Bohaterami ostatnich dni są Kuba Wojewódzki i Michał Figurski. Chodzi oczywiście o awanturę, która rozpętała się po mocno niepolitycznym dialogu, który padł w "Porannym WF" w Esce Rock. A szło to tak: "A wiesz, co ja wczoraj zrobiłem po tym meczu z Ukrainą?" - pytał Figurskiego Wojewódzki. - "Zachowałem się jak prawdziwy Polak". Figurski stwierdził: "Kopnąłeś psa", na co Wojewódzki odpowiedział: "Nie, wyrzuciłem swoją Ukrainkę". "A to dobry pomysł. Mi to jeszcze nie przyszło... Wiesz co? Ja po złości jej dzisiaj nie zapłacę" - stwierdził Figurski. "Powiem ci, że gdyby moja była chociaż odrobinę ładniejsza, to jeszcze bym ją zgwałcił" - dodał później. "Eee... ja to nie wiem, jak moja wygląda, bo ona ciągle na kolanach" - powiedział Wojewódzki (dialog podajemy za www.press.pl).

Reakcja była natychmiastowa: odezwał się ukraiński MSZ, ukraińskie organizacje pozarządowe ogłosiły, że Wojewódzki i Figur-ski przekroczyli granice dobrego smaku, a na Facebooku natychmiast powstała strona: Powiedz chamstwu Wojewódzkiego i Fi-gurskiego "Nie". Krajowa Rada Radiofonii i Telewizji stwierdziła naruszenie prawa, program został zawieszony, a Figurskiego na dodatek ukarała UEFA - nie zabawiał on widzów na stadionie przed półfinałowym meczem Niemcy - Włochy. Nie pomogło tłumaczenie Wojewódzkiego, zamieszczone w "Polityce", że wszystko to jest efektem niezrozumienia konwencji programu. A konwencją jest absurd: "Komentowanie świata poprzez groteskę, wyolbrzymianie, karyka-turyzowanie, walkę z lenistwem pojęciowym i stereotypem" - napisał Wojewódzki.

To nie były pierwsze kłopoty Wojewódzkiego i Figurskiego - Krajowa Rada dwukrotnie już ukarała Eskę Rock za "Poranny WF". Dwa razy zapłaciła po 50 tysięcy zł za żarty z Alvina Ga-jadhura, rzecznika prasowego Głównego Inspektoratu Transportu Drogowego.

Żeby nie było wątpliwości, całkiem duża grupa fanów "Porannego WF" uważa, że Wojewódzki i Figurski są ofiarami polskich kołtunów, którzy znaleźli doskonałą okazję, by ich ukarać w majestacie prawa. Bo przecież wiadomo, że obaj wyśmiewają polską hipokryzję, dulszczyznę, zaściankowość itd., itp. No więc jak to jest? Mamy do czynienia z bohaterami walki o wolne słowo czy z dwoma facetami, którzy zatracili poczucie umiaru?
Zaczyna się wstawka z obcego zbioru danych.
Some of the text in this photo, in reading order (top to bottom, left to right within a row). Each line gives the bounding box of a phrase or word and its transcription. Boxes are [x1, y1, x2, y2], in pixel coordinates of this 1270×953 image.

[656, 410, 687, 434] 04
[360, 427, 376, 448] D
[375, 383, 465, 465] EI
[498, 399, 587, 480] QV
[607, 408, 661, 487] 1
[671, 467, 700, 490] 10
Uważają, że wolno im przekroczyć każdą granicę, a jak się komuś nie podoba, to niech im... hmm, to niech ich nie słuchają.
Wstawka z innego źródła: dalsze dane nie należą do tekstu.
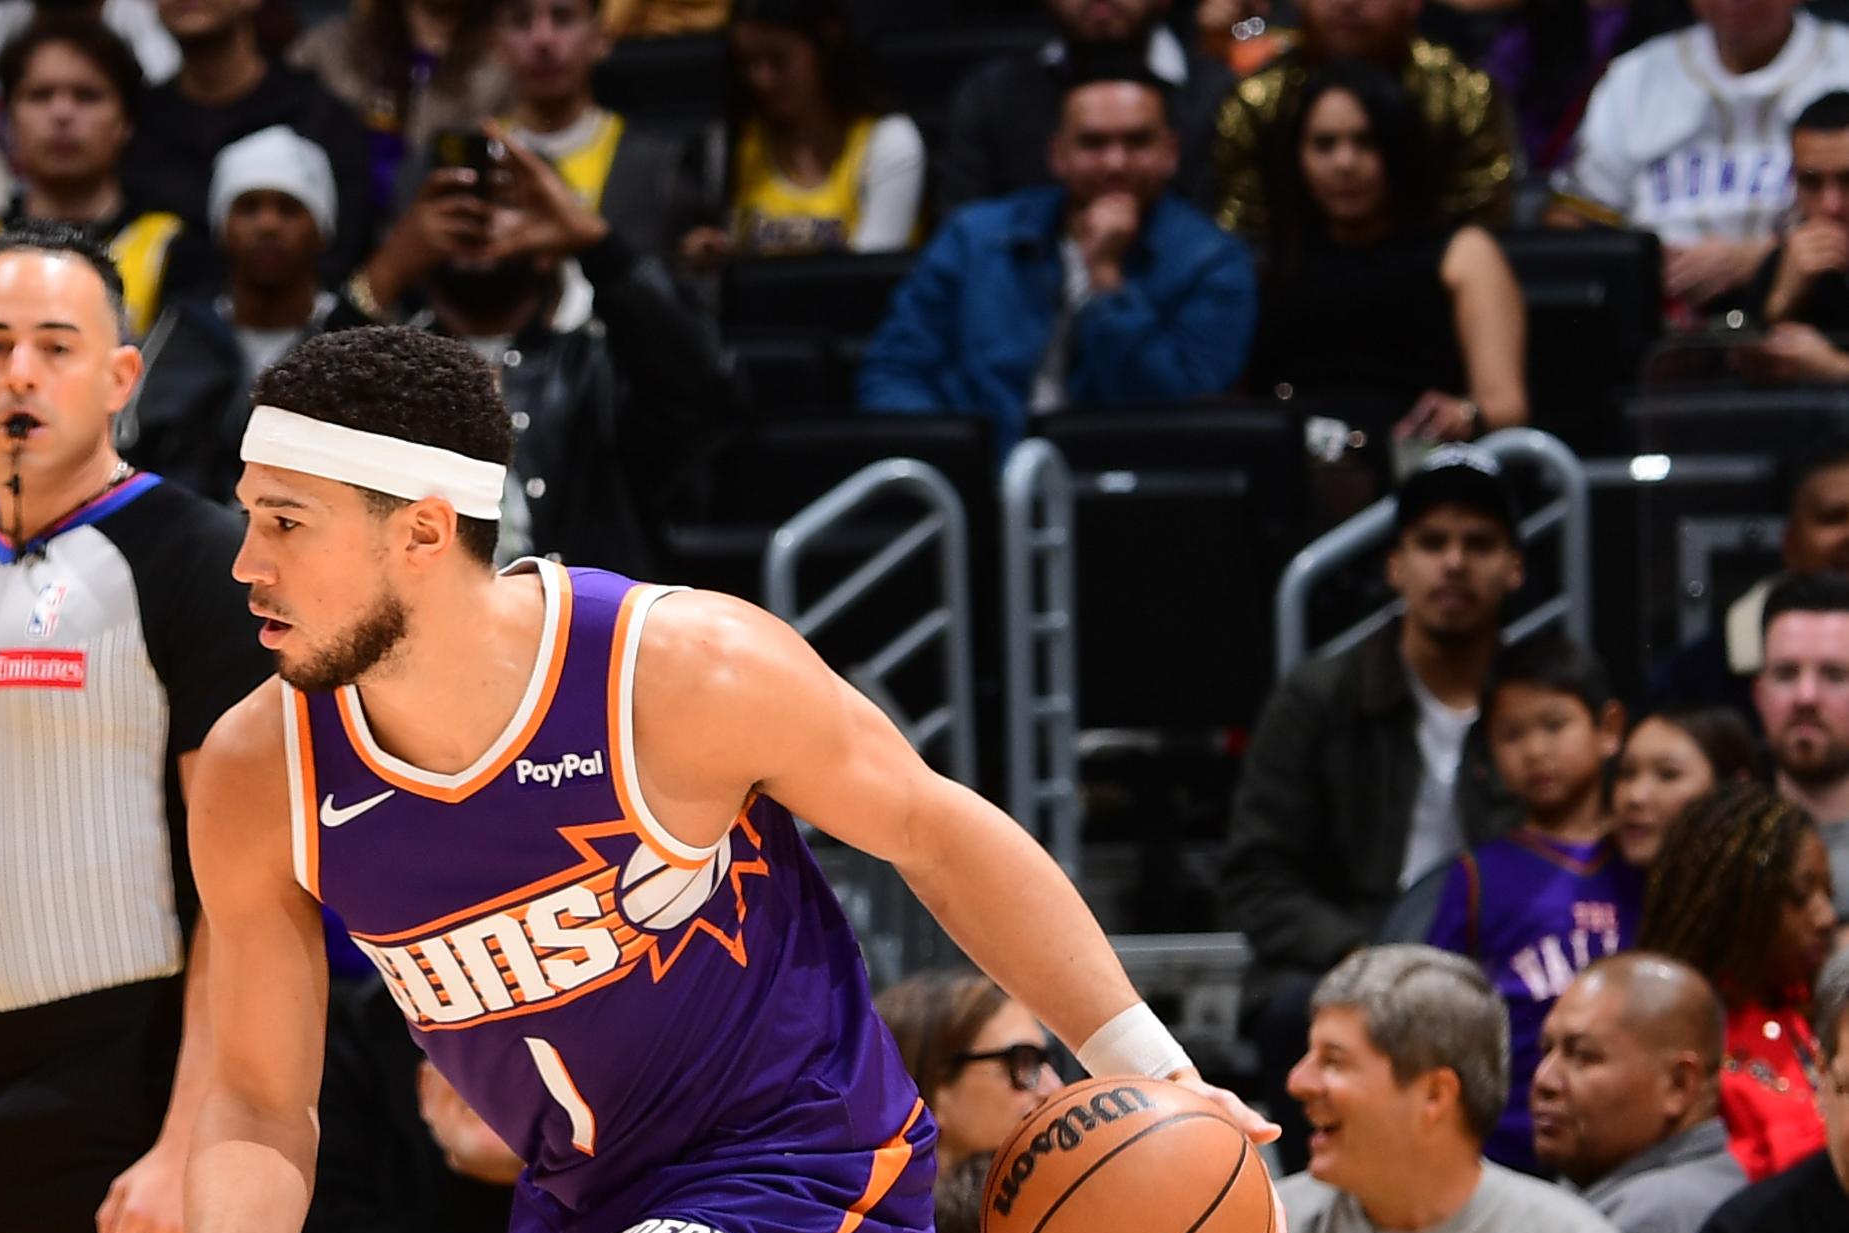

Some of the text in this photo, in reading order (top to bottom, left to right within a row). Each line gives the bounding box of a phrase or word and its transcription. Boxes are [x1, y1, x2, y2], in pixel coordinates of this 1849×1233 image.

[515, 750, 604, 788] PayPal
[523, 1036, 597, 1157] 1
[994, 1086, 1156, 1216] Wilson
Obserwując polskich celebrytów, polityków, czytając i słuchając dziennikarzy, trudno uwierzyć, że Polacy kłótni nie lubią. Dlatego na największe poparcie może liczyć osoba koncyliacyjna, która w spory się nie wdaje, a jeśli już, to grzecznie odpowiada oponentom.
Coraz częściej jednak przestaje wystarczać nam plastikowy uśmiech, pokrywający brak poglądów, albo chowanie ich głęboko, pod nic nieznaczącymi frazesami oraz fasadą poprawności politycznej. Cały kraj obiegają mniej lub bardziej poprawne bon moty, z przymrużeniem oka patrzymy na wypowiedzi ocierające się o granicę dobrego smaku. Tęsknimy za politykami, którzy tak jak Józef Piłsudski potrafili w żołnierskich słowach wyrazić swoje zdanie. Choćby takie: "Ja tego, proszę pana, nie nazywam Konstytucją, ja to nazywam konstytutą. I wymyśliłem to słowo, bo ono najbliższe jest do prostituty. Pierdel, serdel, burdel". Czy takie: "Wam kury szczać prowadzić, a nie politykę robić".
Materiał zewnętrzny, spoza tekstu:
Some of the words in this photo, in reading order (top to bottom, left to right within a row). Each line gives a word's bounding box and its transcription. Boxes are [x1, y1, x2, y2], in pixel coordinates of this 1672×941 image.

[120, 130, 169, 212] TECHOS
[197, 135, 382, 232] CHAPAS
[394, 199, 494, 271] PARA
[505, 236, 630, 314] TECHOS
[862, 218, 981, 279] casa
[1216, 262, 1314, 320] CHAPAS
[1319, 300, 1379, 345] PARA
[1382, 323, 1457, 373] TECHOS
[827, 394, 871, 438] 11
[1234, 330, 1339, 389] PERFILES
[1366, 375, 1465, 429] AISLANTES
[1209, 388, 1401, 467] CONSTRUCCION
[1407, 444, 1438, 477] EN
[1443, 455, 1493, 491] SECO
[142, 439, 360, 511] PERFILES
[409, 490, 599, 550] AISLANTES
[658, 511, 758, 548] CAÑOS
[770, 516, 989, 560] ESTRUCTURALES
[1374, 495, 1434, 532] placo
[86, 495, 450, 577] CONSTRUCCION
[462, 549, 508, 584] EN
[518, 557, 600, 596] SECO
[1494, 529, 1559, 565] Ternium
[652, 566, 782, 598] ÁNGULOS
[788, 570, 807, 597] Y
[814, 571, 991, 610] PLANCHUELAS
Tylko co zrobić, kiedy polityk, dziennikarz, celebryta przekroczy granicę dobrego smaku? I zamiast żartu z wieloma podtekstami, ciętej riposty, dostaniemy chamski, zdecydowanie nieudany dowcip? Przykłady takich wypowiedzi możemy znaleźć na prawicy, lewicy i w centrum. Przy czym każda z partii politycznych broni swojego "enfant terrible", a odsądza od czci i wiary przeciwnika. Zacznijmy przegląd niegrzecznych polityków.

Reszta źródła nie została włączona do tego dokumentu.